В темноте машины Роза почувствовала себя лучше. Слезы и саке меняли город, придавая ему новую текстуру, патину ртутного зеркала.
– Что было труднее всего? – спросила она.
Он не ответил, и она решила, что допустила бестактность.
– Простите, – сказала она, – это было бестактно.
Он отрицательно покачал головой:
– Я подыскиваю верные слова.
Голос его звучал как-то издалека, приглушенно.
– Сначала отсутствие, – снова заговорил он. – Потом долг и крест быть счастливым без Клары.
– Долг? – повторила Роза. – Перед вашей дочерью?
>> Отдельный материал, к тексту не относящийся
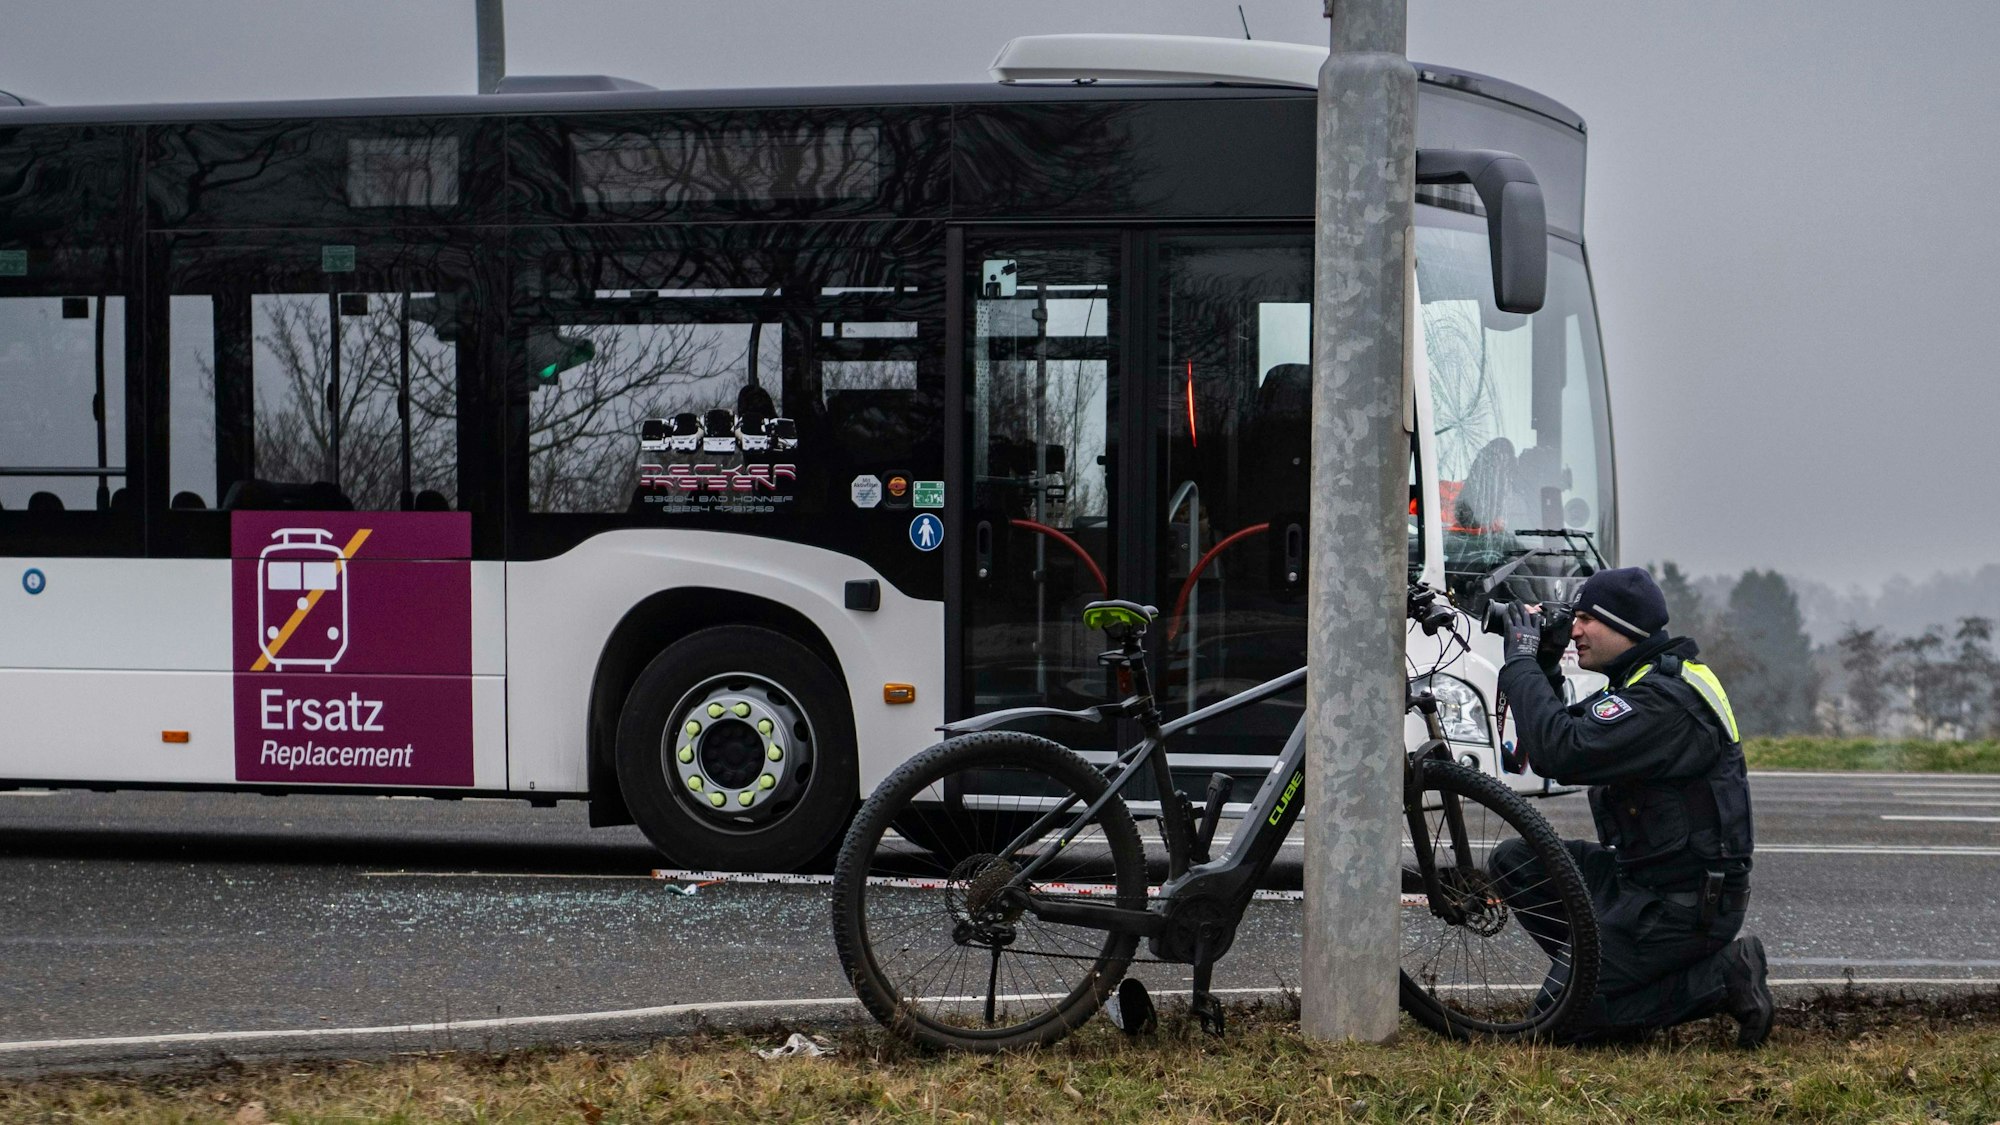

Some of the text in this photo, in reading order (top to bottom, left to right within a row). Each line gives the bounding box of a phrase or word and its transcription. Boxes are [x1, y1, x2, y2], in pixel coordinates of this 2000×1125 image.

[640, 464, 797, 480] DECKER
[640, 474, 777, 491] REISEN
[260, 688, 385, 732] Ersatz
[260, 739, 414, 771] Replacement
[1268, 770, 1304, 826] CUBE
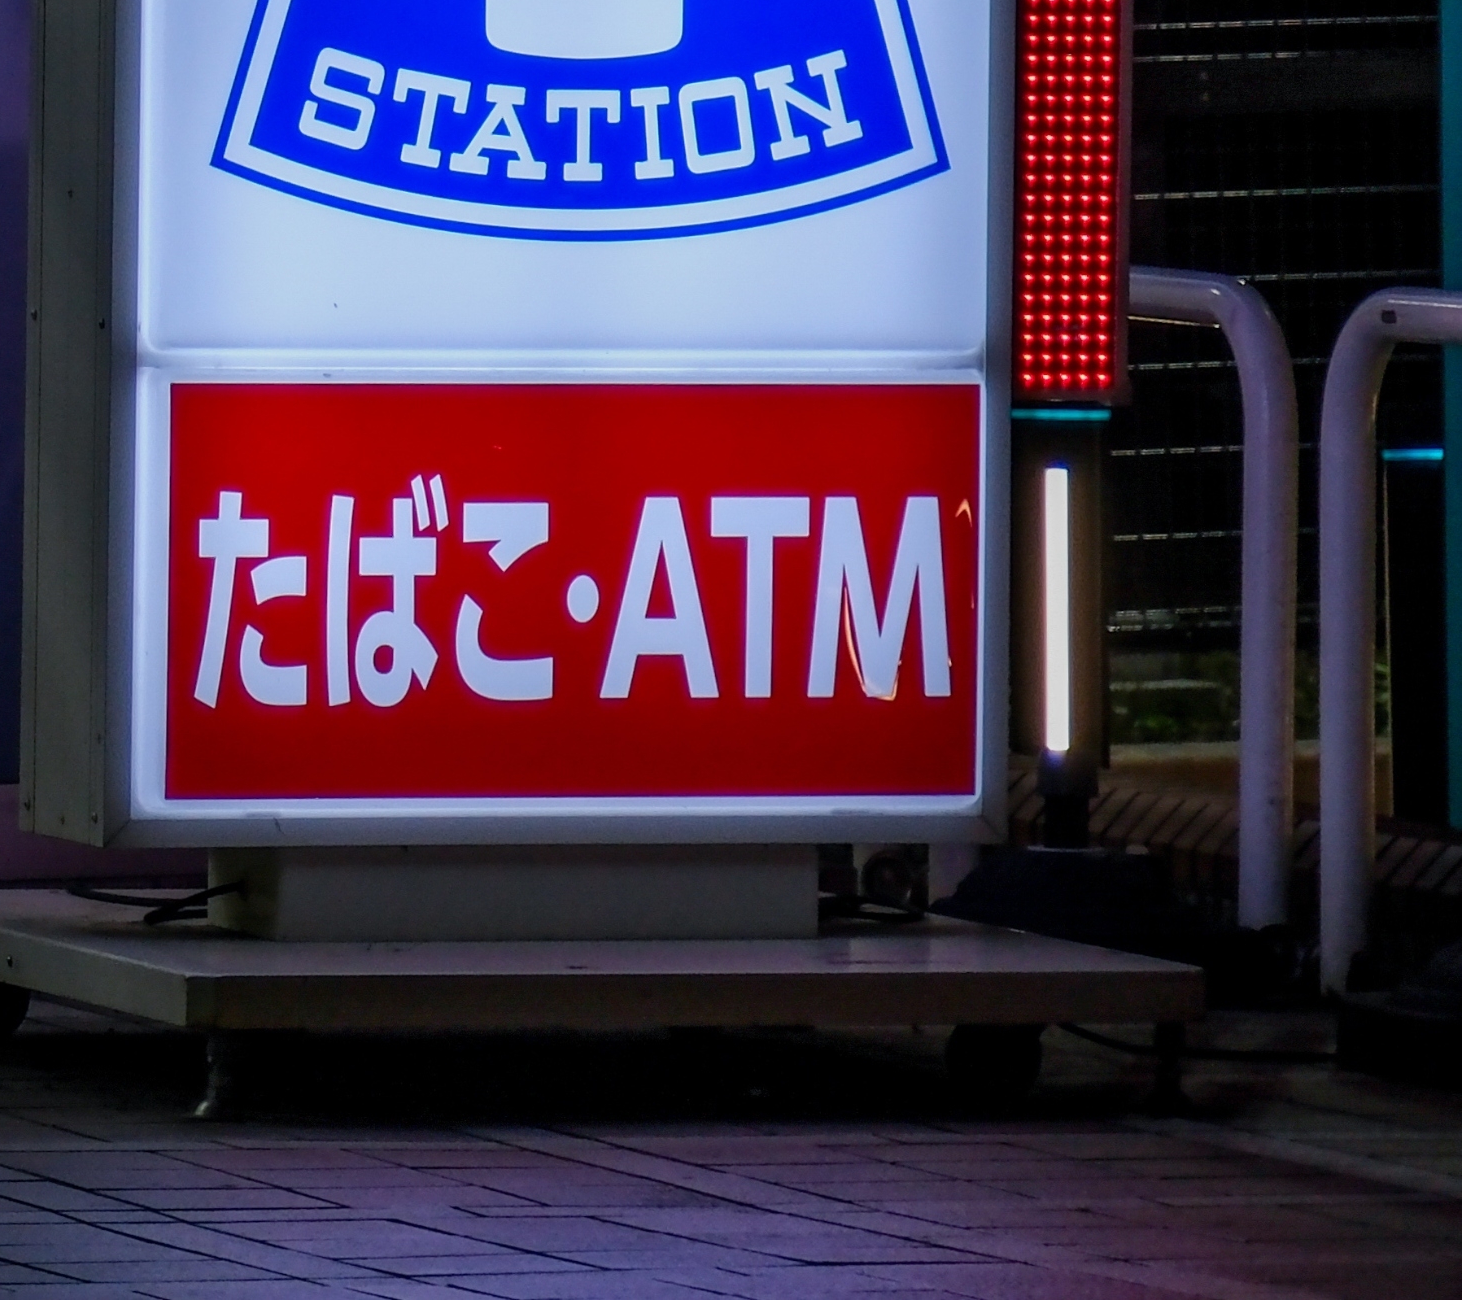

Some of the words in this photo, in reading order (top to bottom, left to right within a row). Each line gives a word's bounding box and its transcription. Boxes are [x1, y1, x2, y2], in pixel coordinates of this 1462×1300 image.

[298, 46, 862, 182] STATION
[192, 473, 954, 708] たばこ・ATM
– Нет, – сказал он, – перед собой.
Она замолчала в смятении.
– Чувствуешь, что больше не говоришь на одном языке с остальными. И понимаешь, что это язык любви.
– Я никогда на нем не говорила, – сказала она.
– Почему вы так думаете?
– Потому что считаю, что нельзя что-то дать, ничего не получив, точно так же, как не верю в этот вздор о том, что способность давать возвращает к жизни. Иначе какой смысл давать, если ты уже умер?
– Вы начинаете понимать природу его жертвы, – ответил он.
– Весь этот фарс бесполезен, – заявила она.
Машина остановилась на улочке в центре города. Они поднялись по наружной лестнице на последний этаж небольшого унылого бетонного строения и попали в зал с большими застекленными проемами, выходящими на восточные горы. Вдоль всего помещения тянулась барная стойка, но обстановка из матовых, словно песчаных перегородок и светлого дуба скрадывалась роскошью гор, открываясь в таинства ночи, в туманную поэму хребтов. В баре никого не было. Когда они усаживались, из неприметной двери справа появилась молодая японка.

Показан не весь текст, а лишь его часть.